Art-Fear-CoverYesterday I fell under the wheel of some deadline pressures and a friend suggested I stop this Blogathon madness. “A couple of posts a week is enough,” she said sympathetically. “You don’t need to post every day.”

In that moment, I realized why I’m doing the WordCount Blogathon challenge: it’s my antidote to fear (which I wrote about on day 1 of the Blogathon) and crippling perfectionism.

This realization made me remember one of the most revelatory passages I’ve ever read on the creative process. It’s from a superb little book by David Bayles and Ted Orland called Art and Fear: Observations on the Perils (and Rewards) of ARTMAKING.

The ceramics teacher announced on opening day that he was dividing the class into two groups. All those on the left side of the studio, he said, would be graded solely on the quantity  of work they produced, all those on the right solely on its quality. His procedure was simple: on the final day of class he would bring in his bathroom scales and weigh the work of the “quantity” group: fifty pounds of pots rated an “A,” forty pounds a “B” and so on. Those being graded on “quality,” however, needed to produce only one pot — albeit a perfect one — to get an “A.” Well, came grading time and a curious fact emerged: the works of highest quality were all produced by the group being graded for quantity. It seems that while the “quantity” group was busily churning out piles of work — and learning from their mistakes — the “quality” group had sat theorizing about perfection, and in the end had little more to show for their efforts than grandiose theories and a pile of dead clay.

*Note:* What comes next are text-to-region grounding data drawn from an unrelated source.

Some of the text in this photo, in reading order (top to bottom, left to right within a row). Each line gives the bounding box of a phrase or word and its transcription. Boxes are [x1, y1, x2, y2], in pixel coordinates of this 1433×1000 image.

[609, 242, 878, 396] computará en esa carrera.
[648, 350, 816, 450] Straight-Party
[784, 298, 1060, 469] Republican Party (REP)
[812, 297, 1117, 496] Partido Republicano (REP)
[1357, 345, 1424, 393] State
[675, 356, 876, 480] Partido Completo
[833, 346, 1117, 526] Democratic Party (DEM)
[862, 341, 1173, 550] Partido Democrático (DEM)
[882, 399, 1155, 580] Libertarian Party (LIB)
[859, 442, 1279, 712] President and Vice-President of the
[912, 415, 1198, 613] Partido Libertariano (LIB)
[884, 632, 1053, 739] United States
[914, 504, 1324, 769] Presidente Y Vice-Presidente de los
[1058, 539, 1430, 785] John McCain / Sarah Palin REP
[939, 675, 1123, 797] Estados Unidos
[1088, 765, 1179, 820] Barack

So, for the month of June, I’m aiming for quantity: a post a day. I’ve given enough of my creative life to the futile pursuit of perfection — which has indeed largely involved sitting around “theorizing,” as Bayles and Orland so aptly put it. They also point out that the very idea of perfection is, ironically enough, “a flawed concept.”

Only out of our imperfections do we learn, grow and create.